Because Tamoxifen is highly effective at limiting the development of breast tissue, it is often used as an alternative to aromatase inhibitors such as Clomiphene Citrate in male patients experiencing gynecomastia. It is also sometimes used by individuals that abuse steroids for the same reason. Often, Tamoxifen is used before symptoms appear but is also commonly prescribed and/or utilized when initial signs of gynecomastia appear, including nipple sensitivity and soreness.

Tamoxifen and Bipolar Disorder

Tamoxifen has been used to some success as a means of alleviating the severity of manic episodes among patients suffering from bipolar disorder. In addition to its effects upon Estrogen activity, Tamoxifen also mitigates the activity of protein kinase C (PKC) in the brain. There is evidence that manic activity from bipolar disorder is at least partially caused by abnormally high levels of PKC activity in the brain.

Tamoxifen, Angiogenesis, and the Navy Protocol

When a person develops cancer, cancer cells send out signals which promote the development of blood vessels, which feed nutrients to the cancer cells, encouraging their growth. A therapeutic cocktail of Tamoxifen, Doxycycline, and Celecoxib was used in a canine cancer patient named Navy, hence the name.

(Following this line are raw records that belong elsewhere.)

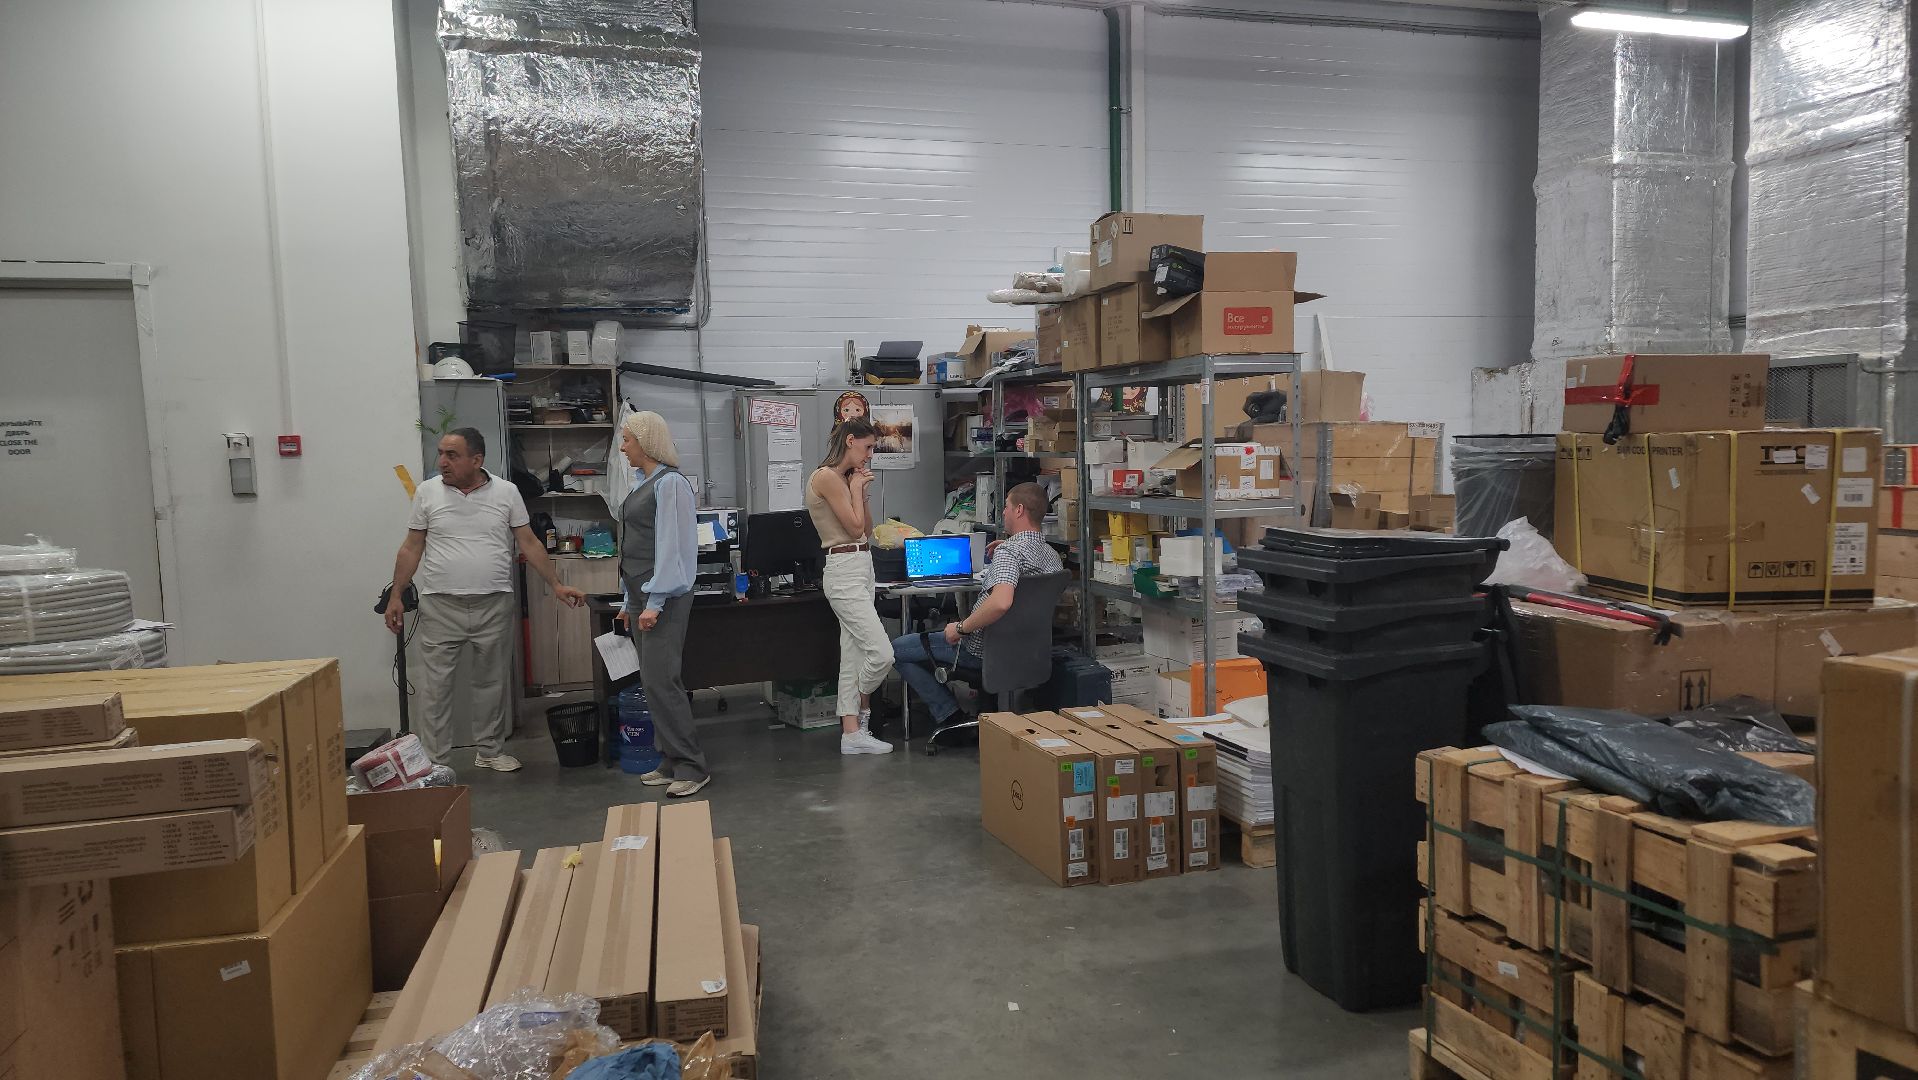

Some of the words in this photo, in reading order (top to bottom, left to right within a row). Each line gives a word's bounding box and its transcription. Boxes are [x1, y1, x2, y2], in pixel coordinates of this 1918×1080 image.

[1227, 313, 1245, 323] Все
[0, 439, 22, 447] CLOSE
[23, 438, 38, 446] THE
[8, 448, 31, 456] DOOR
[1652, 446, 1684, 456] PRINTER
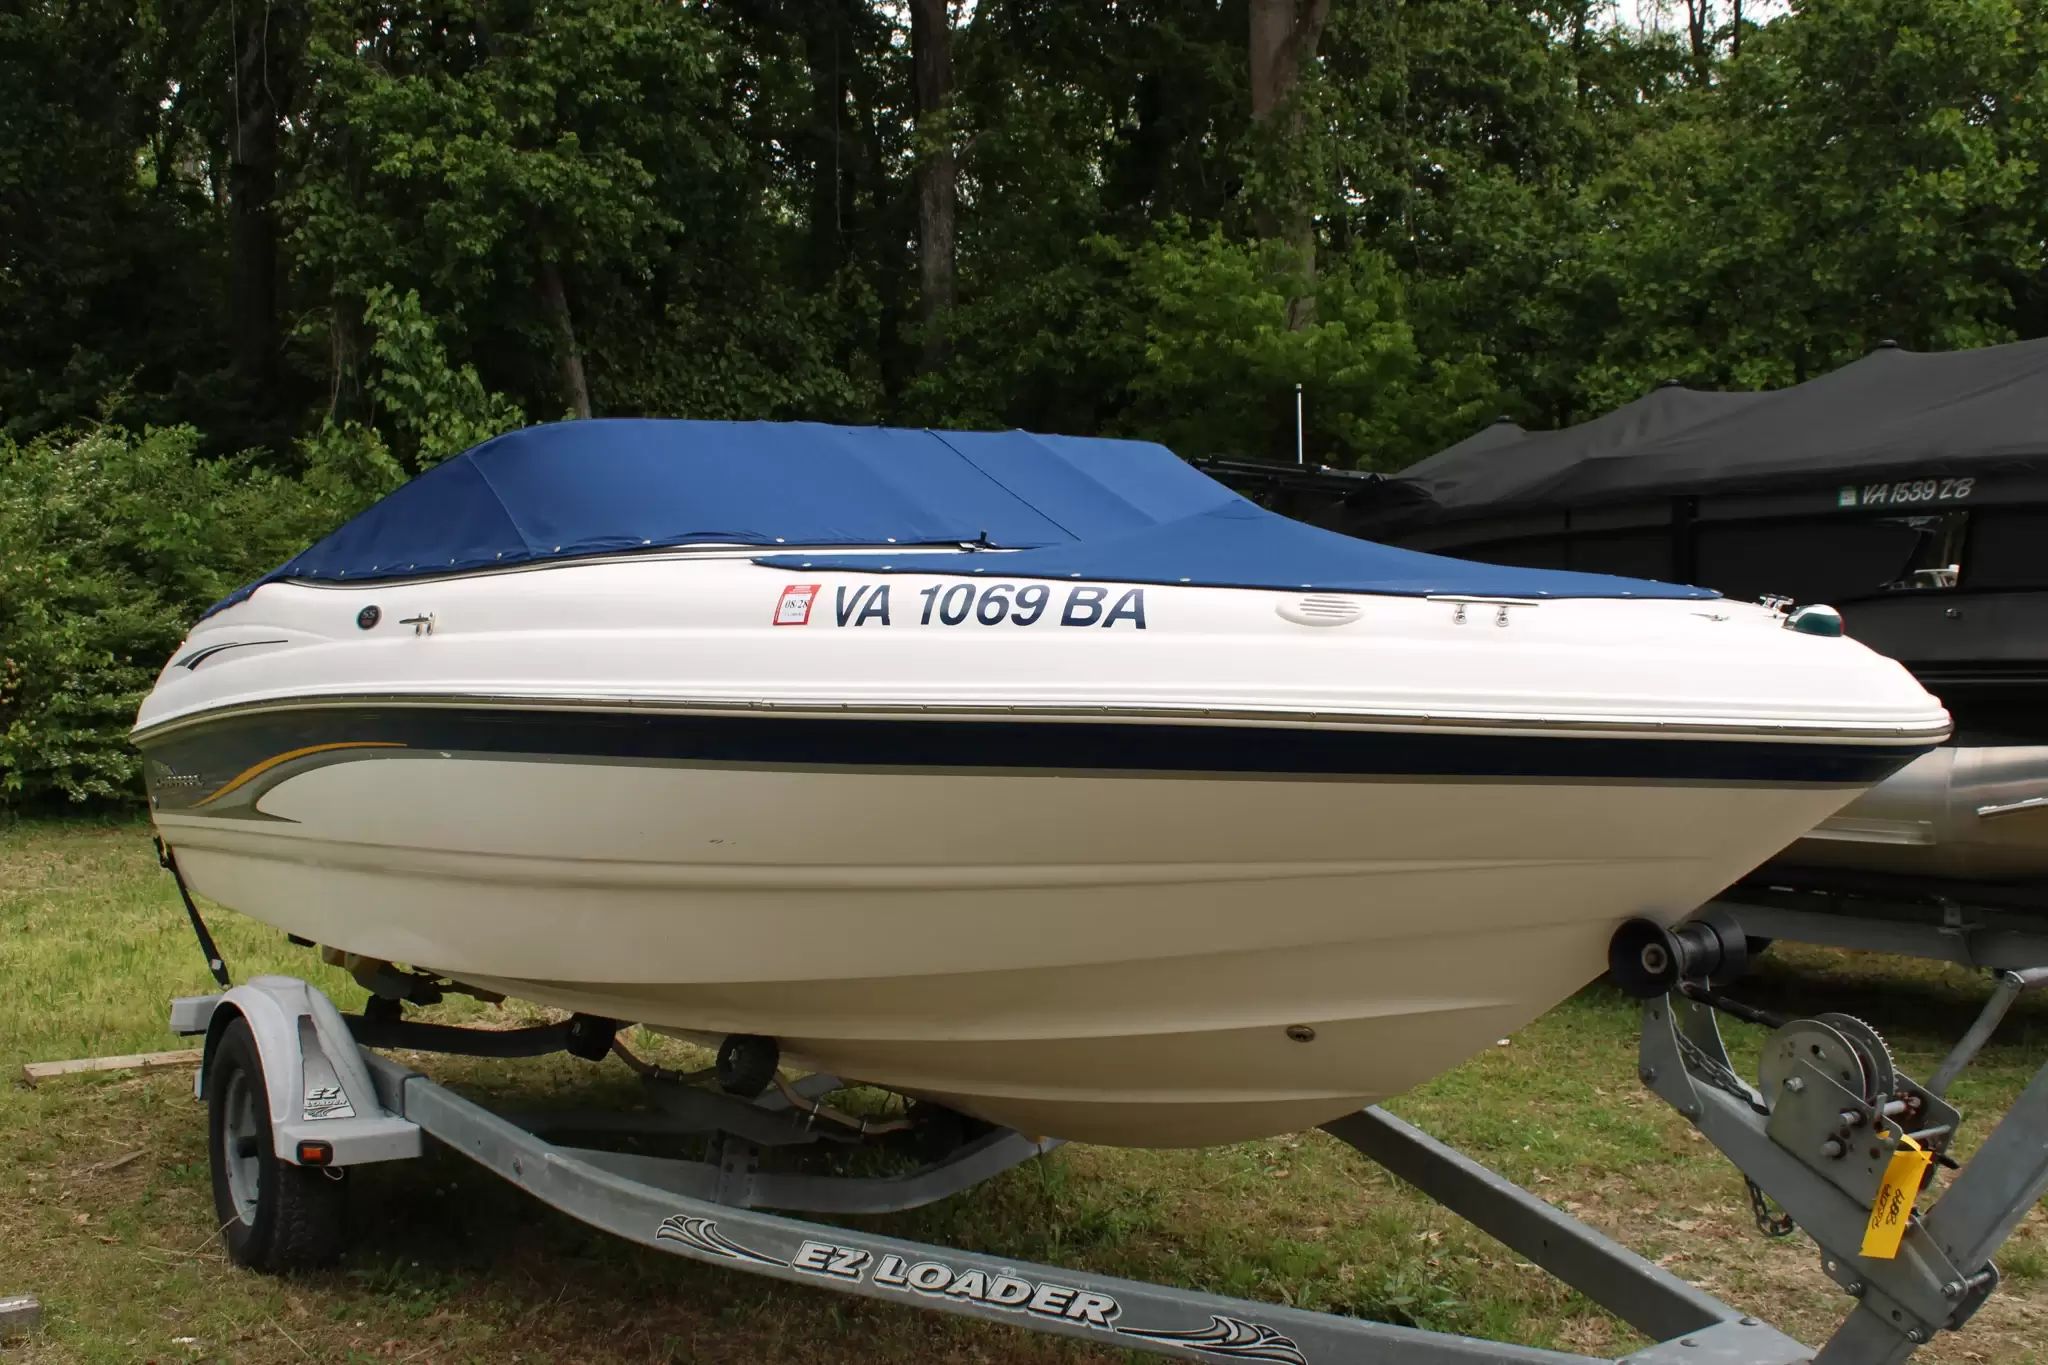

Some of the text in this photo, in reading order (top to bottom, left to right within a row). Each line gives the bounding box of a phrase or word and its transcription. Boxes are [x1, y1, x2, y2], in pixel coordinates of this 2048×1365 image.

[1862, 484, 1888, 505] VA
[1939, 477, 1976, 500] ZB
[836, 583, 1147, 629] VA 1069 BA
[306, 1086, 341, 1100] EZ
[792, 1240, 1121, 1330] EZ LOADER

Further research has shown that Tamoxifen treatment provided alone can limit the angiogenic activity associated with cancer in animal research. In the future, Tamoxifen may be utilized as a means to treat cancer in human patients. The Navy Protocol is still used in veterinary medicine today.

Tamoxifen and Riedel's Thyroiditis

Riedel's Thyroiditis is an inflammatory condition that affects the connective tissue of the thyroid capsule. Over time, this condition afflicts the muscles of the neck and results in the compression of the trachea. Tamoxifen therapy is often used in combination with surgery to treat the symptoms.

Side Effects of Tamoxifen

Tamoxifen is highly effective as a component of breast cancer treatment, but it does not come without its drawbacks. The three medications Tibolone, Raloxifene, and Tamoxifen, are all medications that treat breast cancer by the same mechanism (suppressing Estrogenic activity in breast tissue, and all three have a similar list of potential side-effects. There are also many secondary effects of Tamoxifen and its relatives that are beneficial to most patients.

Tamoxifen and Bone Tissue

One positive side effect of Tamoxifen is that it improves bone mineral density in aging patients. This is because, although Tamoxifen inhibits Estrogenic activity in the breasts, it actually encourages such activity in the bone tissue.

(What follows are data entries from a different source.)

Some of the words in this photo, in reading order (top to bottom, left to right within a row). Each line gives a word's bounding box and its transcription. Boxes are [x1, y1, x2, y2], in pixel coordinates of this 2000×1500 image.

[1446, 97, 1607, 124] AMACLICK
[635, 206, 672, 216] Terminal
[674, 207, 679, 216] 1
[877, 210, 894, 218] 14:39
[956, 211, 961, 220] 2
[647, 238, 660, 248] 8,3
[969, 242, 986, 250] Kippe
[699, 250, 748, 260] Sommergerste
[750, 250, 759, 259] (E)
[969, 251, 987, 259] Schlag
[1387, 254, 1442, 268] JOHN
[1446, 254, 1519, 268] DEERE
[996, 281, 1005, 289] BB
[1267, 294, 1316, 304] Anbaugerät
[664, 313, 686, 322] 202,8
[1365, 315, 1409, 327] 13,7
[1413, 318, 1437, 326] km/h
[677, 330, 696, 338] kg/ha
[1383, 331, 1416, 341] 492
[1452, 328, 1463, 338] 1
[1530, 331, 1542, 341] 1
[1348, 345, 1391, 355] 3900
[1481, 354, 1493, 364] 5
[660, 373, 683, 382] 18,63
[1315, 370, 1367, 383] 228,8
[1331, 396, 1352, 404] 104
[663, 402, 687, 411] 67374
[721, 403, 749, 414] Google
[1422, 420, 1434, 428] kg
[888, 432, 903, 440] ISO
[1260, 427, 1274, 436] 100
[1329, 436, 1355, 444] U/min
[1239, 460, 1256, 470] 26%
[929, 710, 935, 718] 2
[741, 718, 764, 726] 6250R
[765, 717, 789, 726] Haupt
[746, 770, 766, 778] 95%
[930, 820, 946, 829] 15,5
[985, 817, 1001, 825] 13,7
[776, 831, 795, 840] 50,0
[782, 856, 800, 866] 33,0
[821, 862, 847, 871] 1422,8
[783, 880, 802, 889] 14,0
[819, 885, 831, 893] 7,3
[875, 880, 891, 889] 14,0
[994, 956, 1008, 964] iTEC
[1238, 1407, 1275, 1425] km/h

This is because Tamoxifen reduces the activity of cells known as osteoclasts, which draw the calcium out of the bones in preparation for bone remodeling. With aging, however, catabolic activity starts to outpace anabolic activity in the bone, which leads to a loss of bone mineral density.

Tamoxifen was actually the first Selective Estrogen Receptor Molecule ever to be discovered because, before it was tested, it was believed that it would actually encourage osteoporosis. Researchers hypothesized that Tamoxifen would inhibit Estrogenic activity in the bone tissue, but found the opposite to be the case.

On the other hand, in the case of women that take Tamoxifen as a part of breast cancer recovery, are premenopausal, and continue to menstruate, the medication can inhibit bone mineral density. This is one reason why Tamoxifen is used most often in postmenopausal women, but many women still benefit from the treatment despite this.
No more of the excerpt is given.